Decoding the savings rates puzzle

Decoding the savings rates puzzle

This editorial was featured in Your Money.

During the ongoing cost-of-living crisis, being able to save for a rainy day can go a long way in putting your mind at ease when thinking about the future. As the market moves away from the record low rates that have dominated the past decade, this presents an opportunity for savers to bolster their financial wellbeing.

From fixed term deposit accounts to ISAs, there’s a host of savings products to choose from. For many, simply finding the best rate* will be a priority, but others will want to dig a bit deeper and understand what sets the rates, and why they can vary so widely.

1. Why are savings rates not rising at the same rate as the base rate?

Earlier this year, inflation in the UK reached its highest rate in 40 years, prompted by the effects of the pandemic and the war in Ukraine. Labour shortages, disrupted supply chains and rising energy prices have all increased the costs of goods and services, pushing up prices for consumers. In a bid to combat rising prices, the Bank of England leaned on its core mechanism to tackle inflation – raising its base rate.

However, inflation has remained persistent, and experts including consultancy, Capital Economics are predicting that the base rate may rise to 5.5% by the end of 2023. This has prompted banks and building societies to raise the rates on their own products, including home finance and savings to ensure their products remain attractive to consumers.

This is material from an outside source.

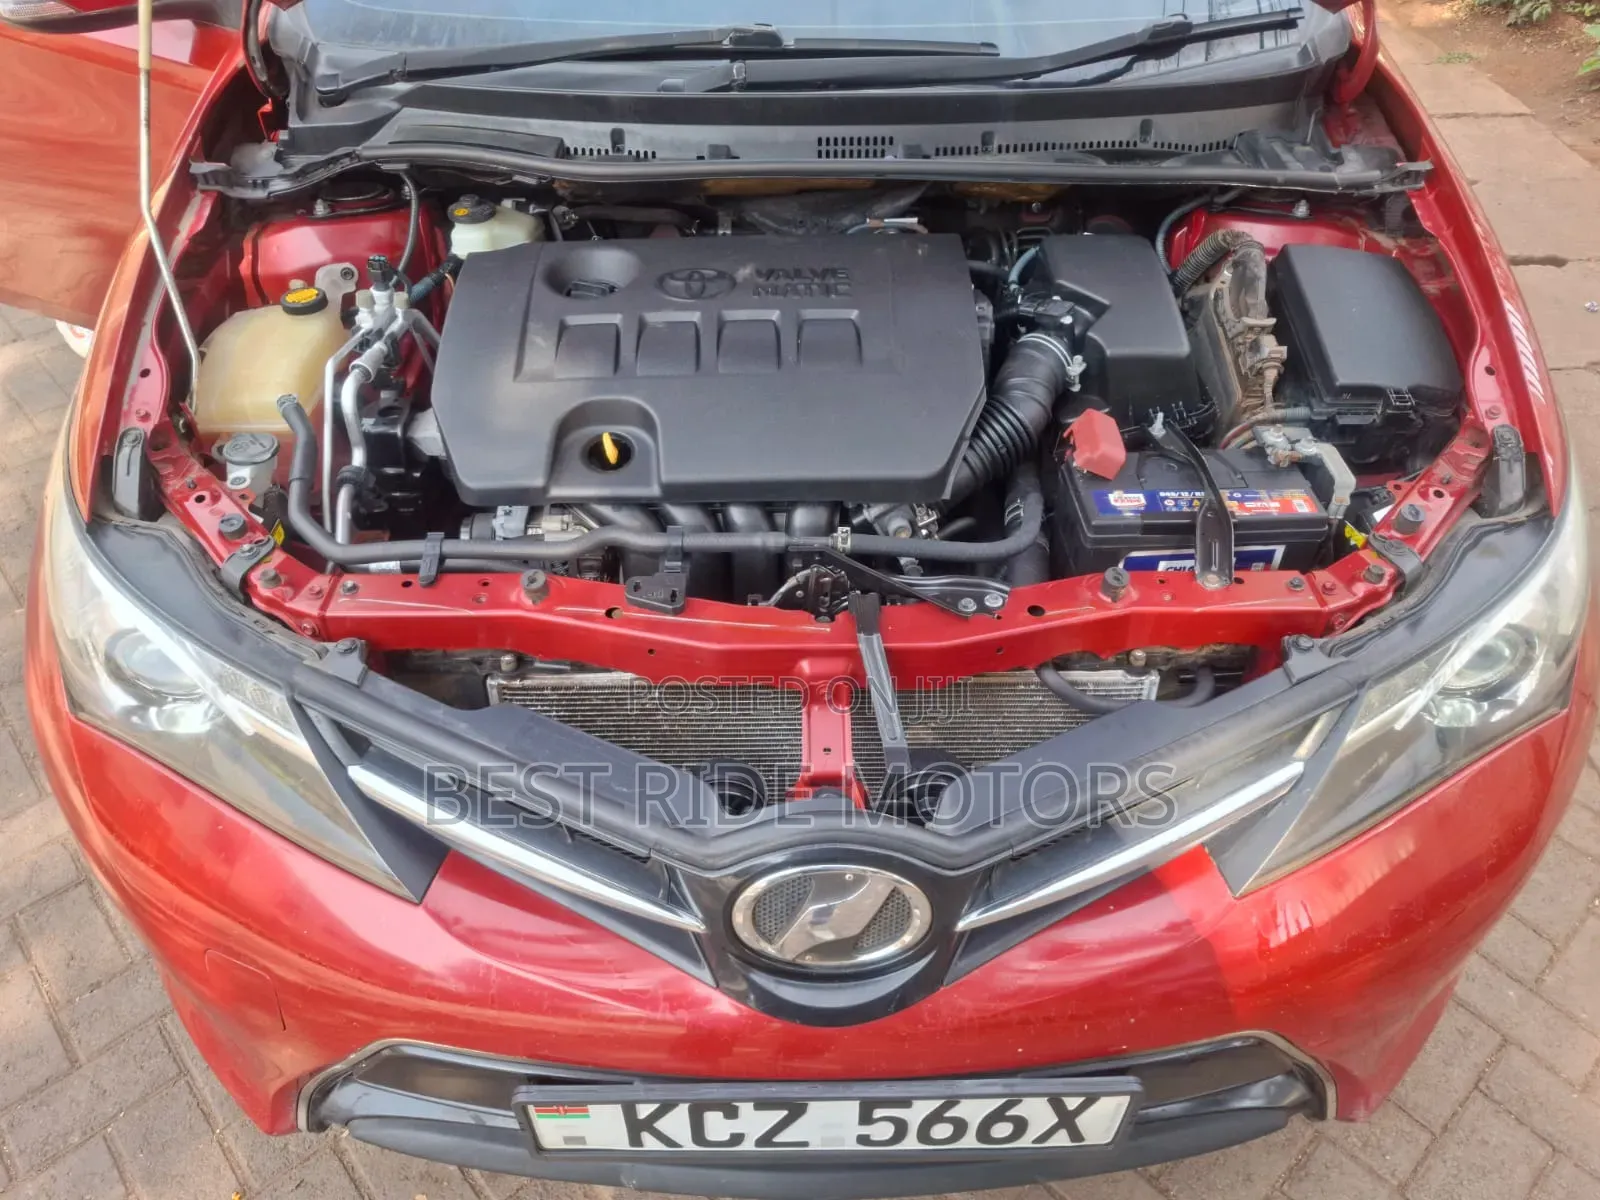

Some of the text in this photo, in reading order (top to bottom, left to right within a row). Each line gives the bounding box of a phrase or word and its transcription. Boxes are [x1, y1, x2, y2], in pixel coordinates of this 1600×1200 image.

[755, 267, 850, 281] VALVE
[752, 282, 852, 298] MATIC
[620, 1097, 1101, 1148] KCZ 566X

However, while businesses need to offer rates that can entice customers to bank with them, they also need to ensure the long-term viability of their business. So, just as banks will need to raise home finance rates to ensure they can provide finance responsibly, savings rates may sit lower than the base rate to ensure the business can continue to operate responsibly and provide its products.

2. Why are some short-term products offering higher rates than long-term products?

Market uncertainty plays a key role in banks setting rates, which is why some short-term savings products are now offering an equivalent, or in some cases, more favourable, rate than long-term solutions.

The yield curve is a dataset which predicts rates over a short- and long-term, reflecting market activity, sentiment and the base rate. It’s a strong indicator for rates on savings products, but traditionally short-term rates are lower, as this reflects the certainty with which you can predict market trends. However, due to the volatility caused by the current economic conditions, the market’s yield curve is currently inverted – this means short-term rates are now at a premium. With the UK forecasted by the Organisation for Economic Co-operation and Development (OECD) to have the highest levels of inflation out of any G20 economy, this trend looks like it’s set to continue moving forward.

3. Why are savings rates not rising at the same pace across all products?

The economic climate influences product pricing. The yield curve is currently expecting more inflation, therefore, there is uncertainty across longer term tenures. This is why shorter-term products are out-pricing longer term.

Providers have a duty to offer products which are fair to savers and homebuyers. Challenger banks often need to find a fair balance between savings rates and home finance rates, which is more challenging in the current economic environment. This balance ultimately allows challenger banks to be more sustainable and ensure their viability.

4. How interlinked are the base rate and Gatehouse’s rates?

As a Shariah-compliant bank, Gatehouse Bank doesn’t offer interest rates because it operates according to Shariah principles. Instead, our customers receive an Expected Profit Rate and the money they are saving in their savings accounts is put to good use through trade in Shariah compliant investments to earn a profit. The base rate determines the benchmark for the market and allows Shariah compliant banks to offer rates within a conventional market whilst upholding the market integrity.

As an ethical bank, we constantly look at how our proposition impacts society and the environment. Our Woodland Saver accounts offer customers the opportunity to achieve competitive returns while supporting the environment by planting a tree on behalf of the customer for every account opened or renewed.

In these tough times, putting money aside to save for the future can be challenging. However, there are also opportunities for savers to grasp as the high rate environment we are currently in allows consumers to grow their rainy day fund and secure their finances for the future.

Our Savings products

*Shariah principles state that money should be put to work to produce a return rather than generating profit in and of itself. Shariah-compliant banks such as Gatehouse Bank offer an Expected Profit Rate, which is generated by investing deposits in a portfolio of assets that comply with Shariah principles and savers receive the profits as returns.